YOUR TASK » Please repeat the records word for word and skip the pictures.

[Images for object localization]
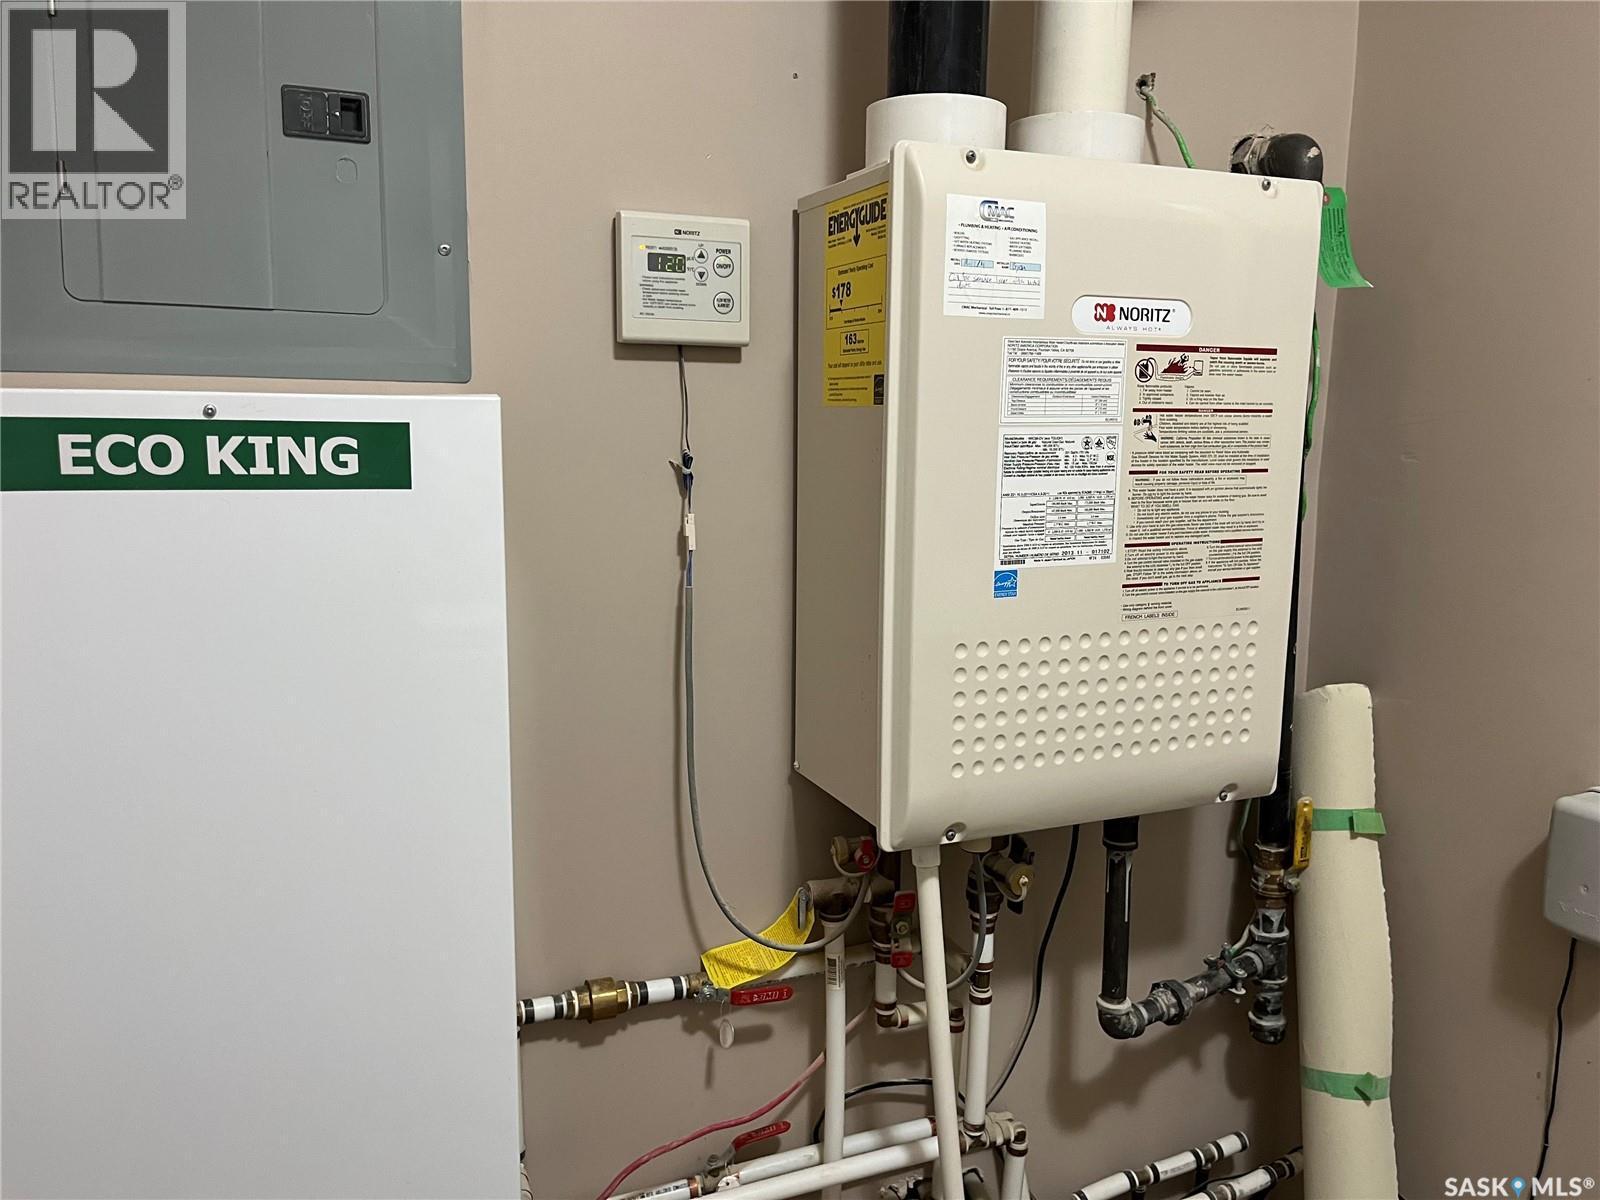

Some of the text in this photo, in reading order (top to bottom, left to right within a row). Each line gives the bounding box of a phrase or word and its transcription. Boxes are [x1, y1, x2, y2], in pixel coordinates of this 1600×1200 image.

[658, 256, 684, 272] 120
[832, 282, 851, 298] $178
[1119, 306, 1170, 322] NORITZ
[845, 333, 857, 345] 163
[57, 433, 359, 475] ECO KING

REPLY TO THE EXERCISE »
Some of the text in this photo, in reading order (top to bottom, left to right within a row). Each line gives the bounding box of a phrase or word and its transcription. Boxes are [x1, y1, x2, y2], in pixel coordinates of this 1600×1200 image.

[658, 256, 684, 272] 120
[832, 282, 851, 298] $178
[1119, 306, 1170, 322] NORITZ
[845, 333, 857, 345] 163
[57, 433, 359, 475] ECO KING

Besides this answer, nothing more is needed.